New Analogues of Epiboxidine Incorporating the 4,5-Dihydroisoxazole Nucleus: Synthesis, Binding Affinity at Neuronal Nicotinic Acetylcholine Receptors, and Molecular Modeling Investigations

Abstract

magnified image

A group of novel 4,5‐dihydro‐3‐methylisoxazolyl derivatives, structurally related to epiboxidine (=(1__R__,4__S__,6__S__)‐6‐(3‐methylisoxazol‐5‐yl)‐7‐azabicyclo[2.2.1]heptane), was prepared via 1,3‐dipolar cycloaddition of acetonitrile oxide to different olefins. Target compounds 1a and 1b, 2a and 2b, 3, 4, and 5 were tested for affinity at neuronal nicotinic heteromeric (__α__4__β__2) and homomeric (__α__7) acetylcholine receptors.
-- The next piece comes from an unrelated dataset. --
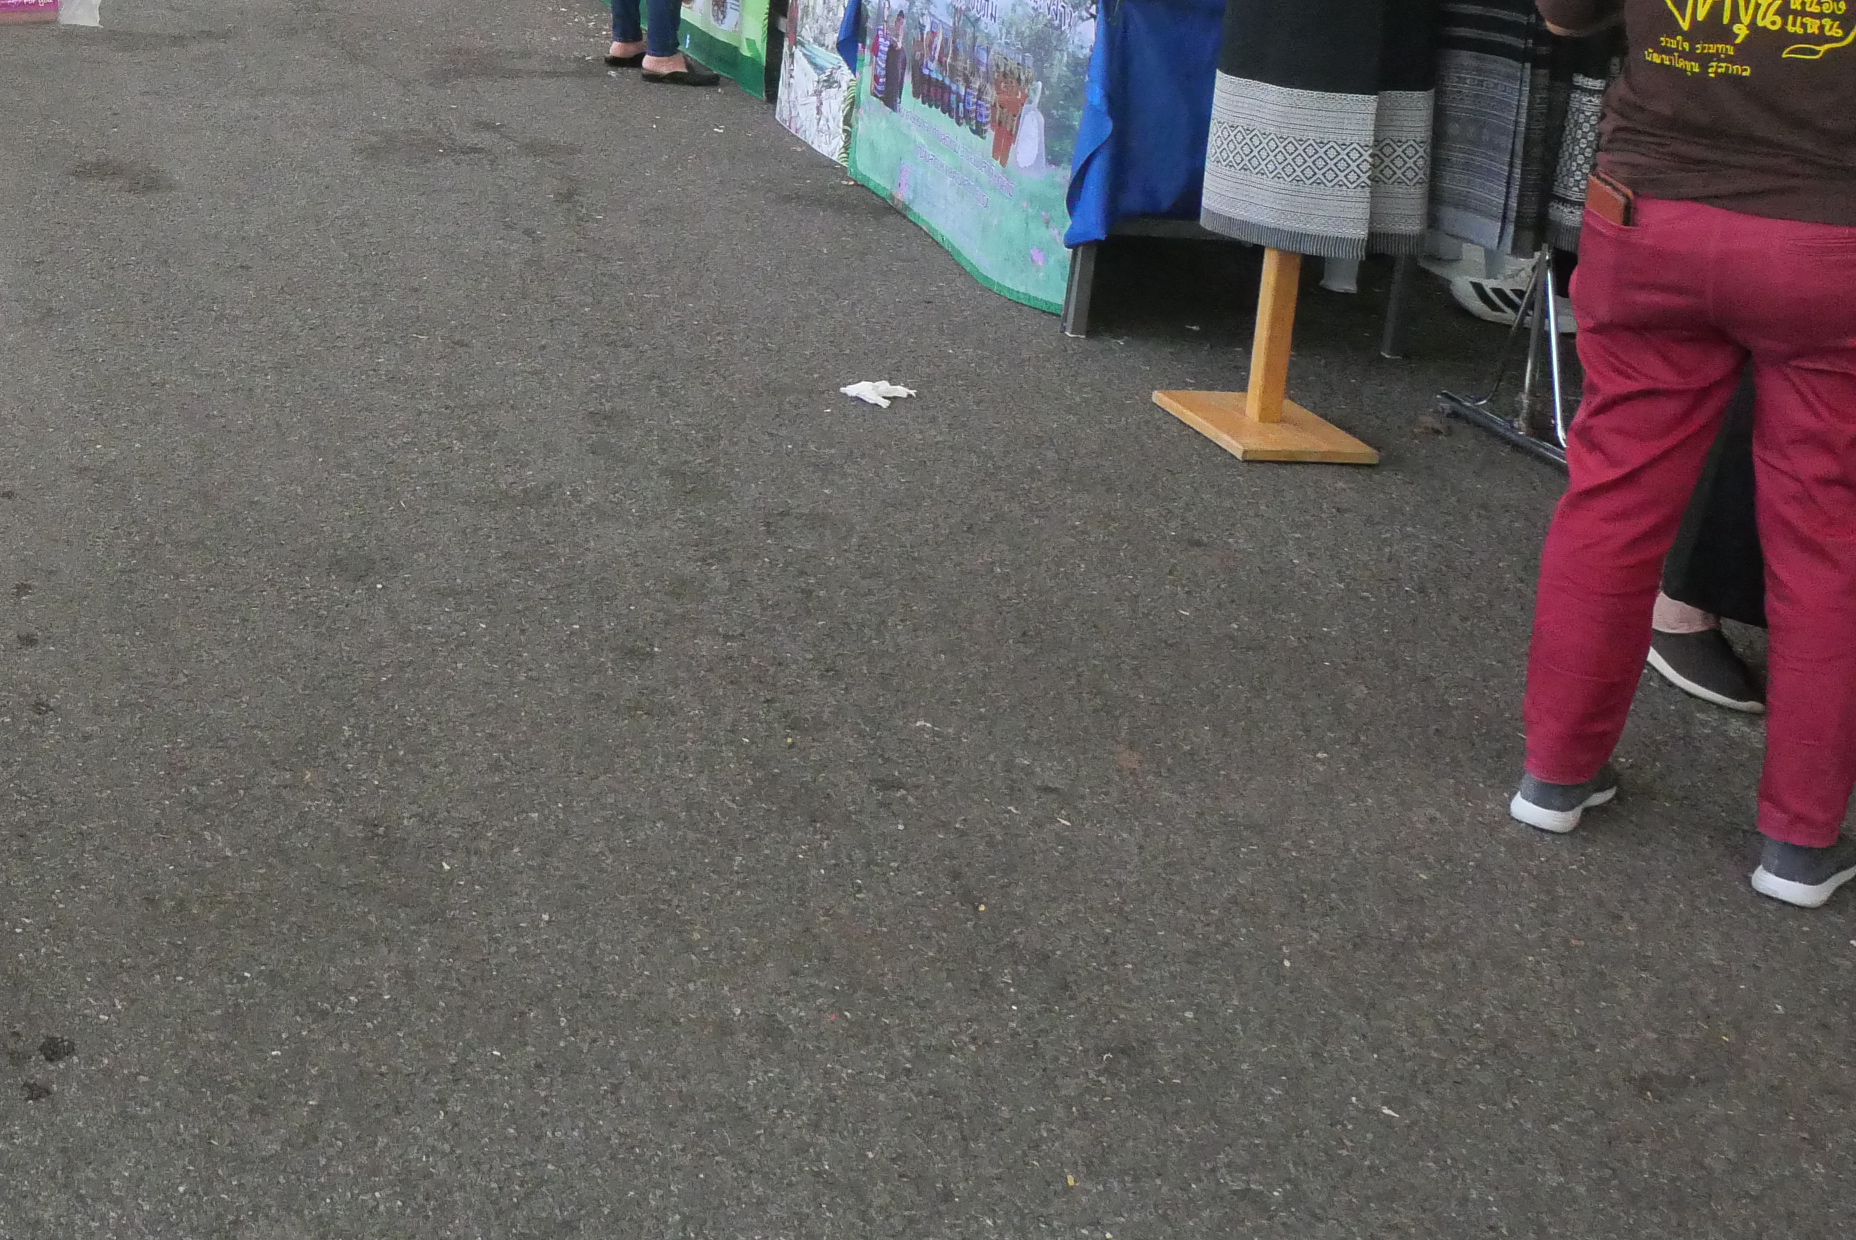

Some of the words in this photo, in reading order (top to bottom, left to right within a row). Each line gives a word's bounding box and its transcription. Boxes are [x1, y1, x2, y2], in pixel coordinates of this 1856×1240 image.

[1786, 15, 1843, 38] แหน
[1660, 33, 1690, 52] ร่วมใจ
Notably, diastereoisomers 1a and 1b were characterized by a massive drop of the affinity at the __α__4__β__2 subtypes (K~i~ values spanning the range 4.3–126 μM), when compared with that of epiboxidine (K~i~=0.6 nM). Therefore, the replacement of the 3‐methylisoxazole ring of epiboxidine with the 4,5‐dihydro‐3‐methylisoxazole nucleus is detrimental for the affinity at __α__4__β__2 receptors. A comparable lack of affinity/selectivity for the two nAChR subtypes under study was evidenced for the remaining epiboxidine‐related dihydroisoxazole derivatives 2a and 2b, and 3–5. Diastereoisomers 1a and 1b, and spirocyclic derivative 3 were docked into molecular models of the receptor subtypes under study, and their binding mode was compared with that of reference ligands endowed with high binding affinity.